Gabrielle is completing her master’s research at the University of Waikato for the School of Psychology and is looking to delve deeper into the views of people who have struggled with anorexia and what they think may have contributed to it.
“Anorexia is one of those issues that is often not seen and stays hidden for a long time before it starts to become obvious and impact someone’s mood or functioning,” says Gabrielle.
“There have been some people in my family with significant eating difficulties, one with recurring anorexia and associated suicide attempts. Seeing someone suffer and trying to help them but not knowing how can be extremely frustrating and sad.”
“Treatment and accessing help can be a difficult experience. Similarly, so can coming to terms with something that you are struggling with and going through.”
Through this study, Gabrielle hopes to hear of the experiences of people who have developed anorexia nervosa to get a better understanding of how they think about their illness and why it started. Ultimately, she aims to increase the awareness and understanding of anorexia.

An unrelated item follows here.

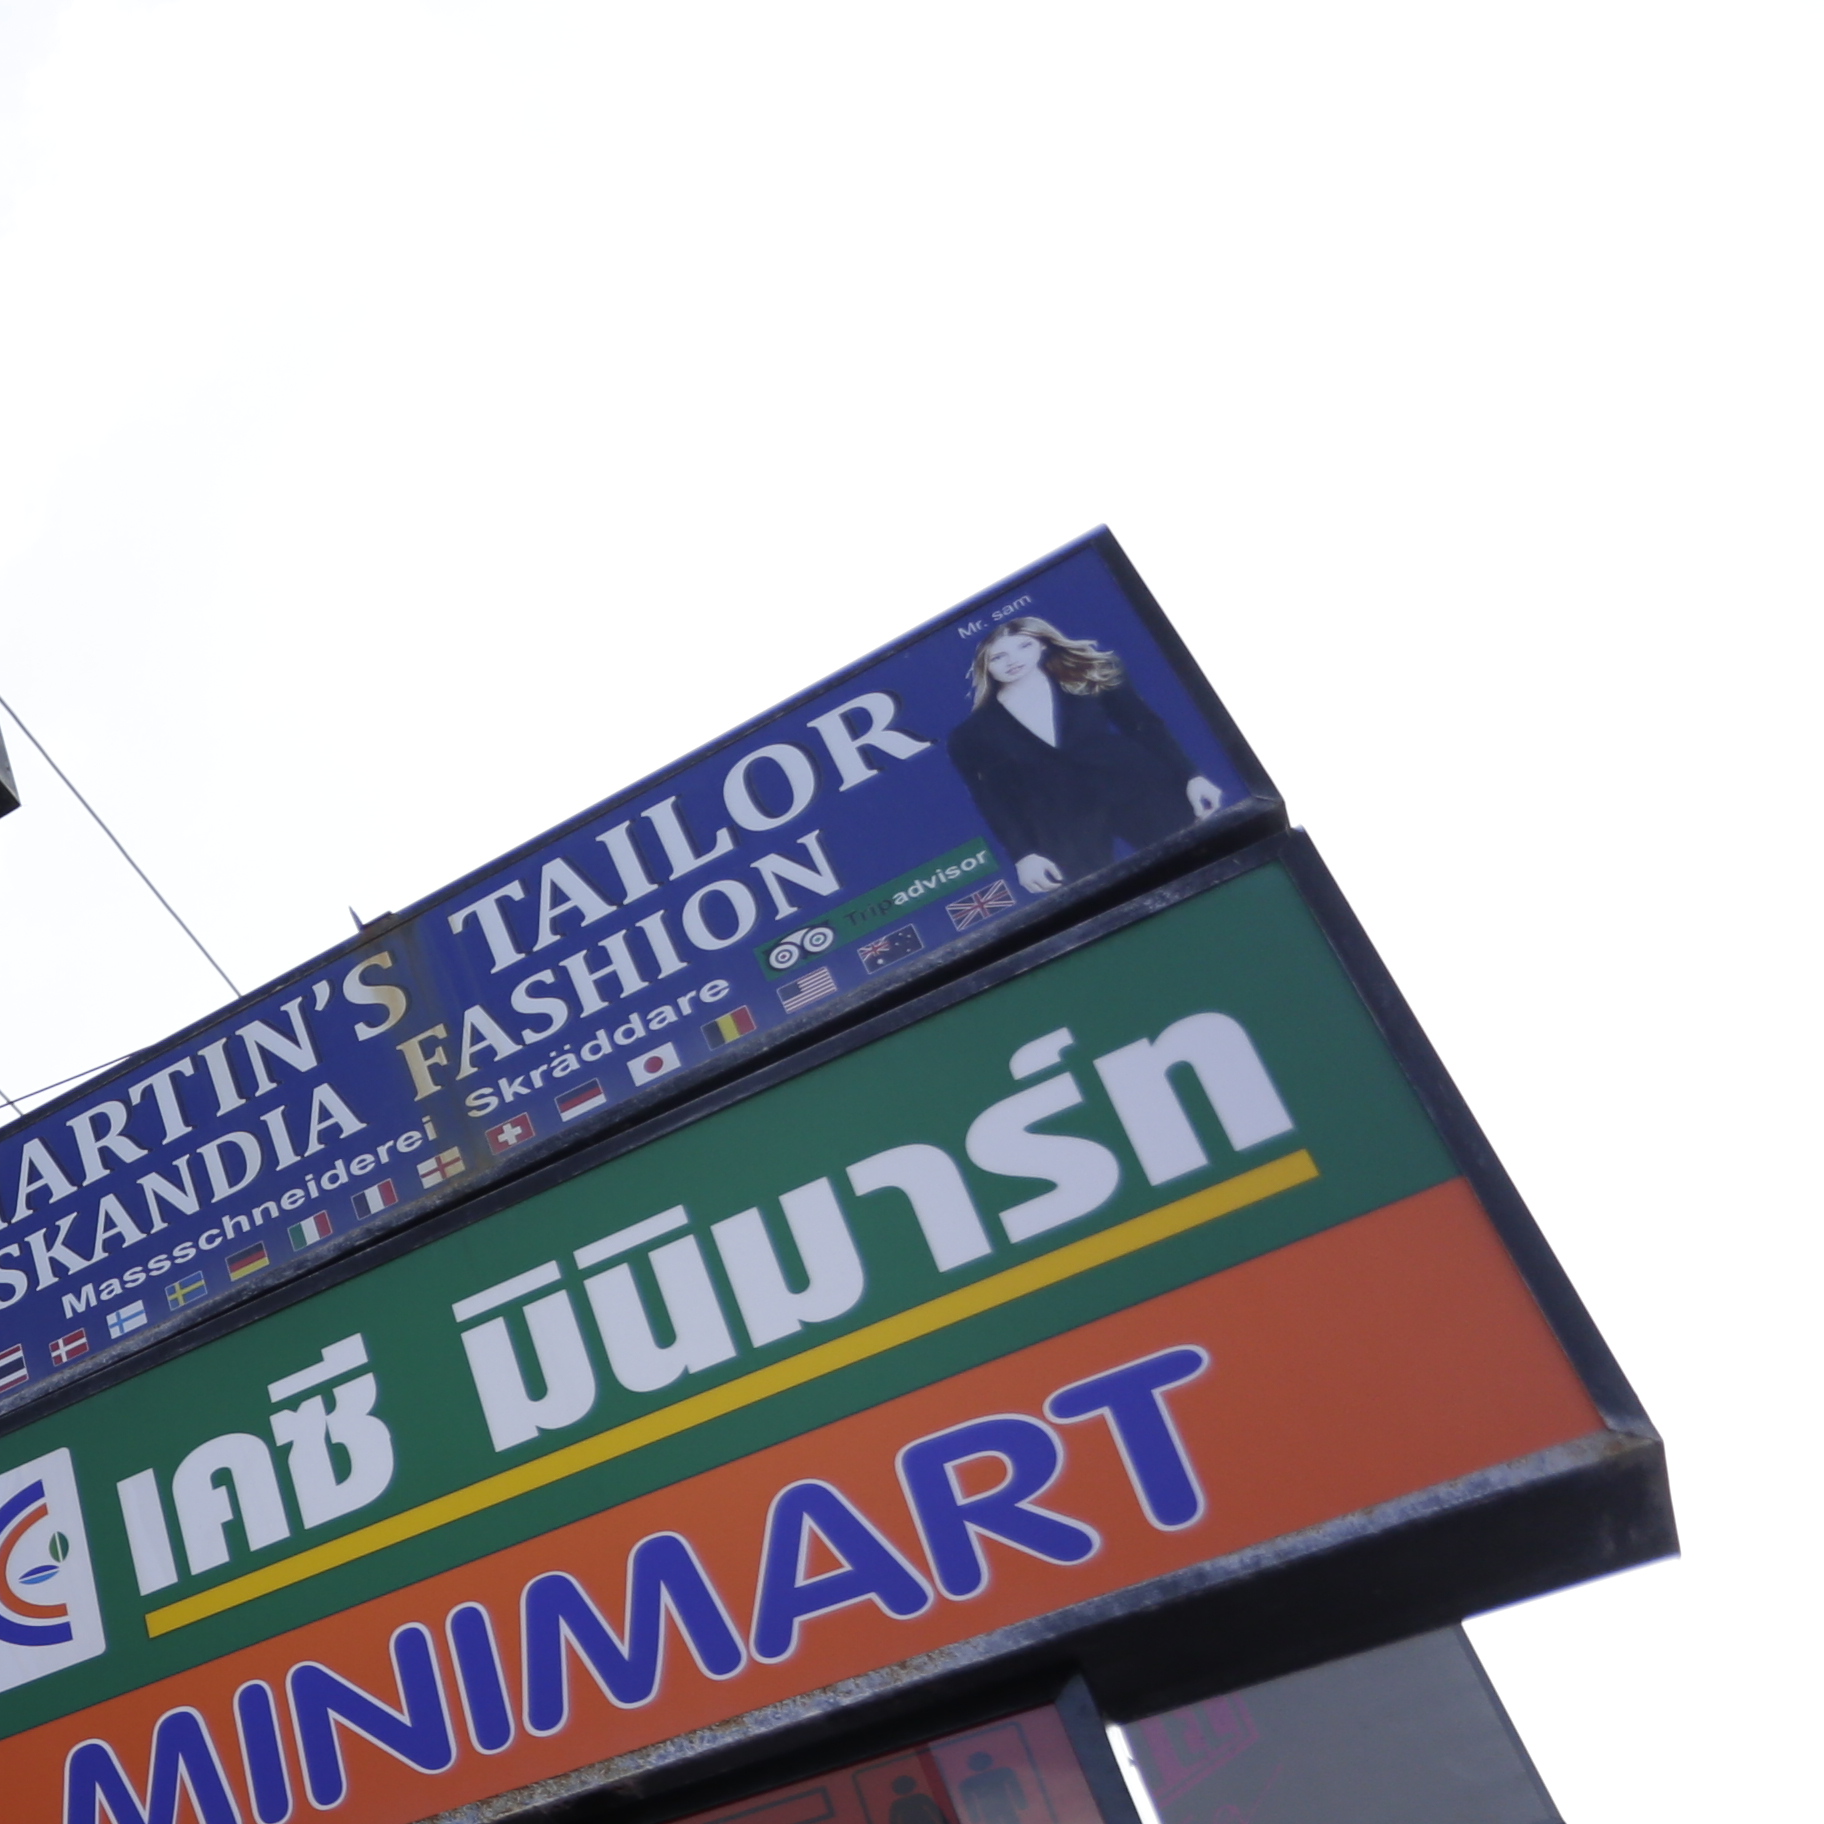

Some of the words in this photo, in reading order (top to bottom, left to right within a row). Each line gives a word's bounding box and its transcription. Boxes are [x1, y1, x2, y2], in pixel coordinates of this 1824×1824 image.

“This study is important as the perspective of the sufferer is often absent from research. Models of anorexia have often been developed from a particular perspective, such as a biological view, linking it to genetic and chemical changes in the body.”
“Concepts about the causes of an issue can also have a strong influence in the approach and direction of treatment.”
Understanding Treatment Approaches
It is possible that this study can illuminate major differences between the approach to treatment that providers use and treatment that would be expected from the person’s perspective, she says.
“It seems reasonable that the more the treatment ‘makes sense’ to the person receiving treatment, the greater the motivation might be.”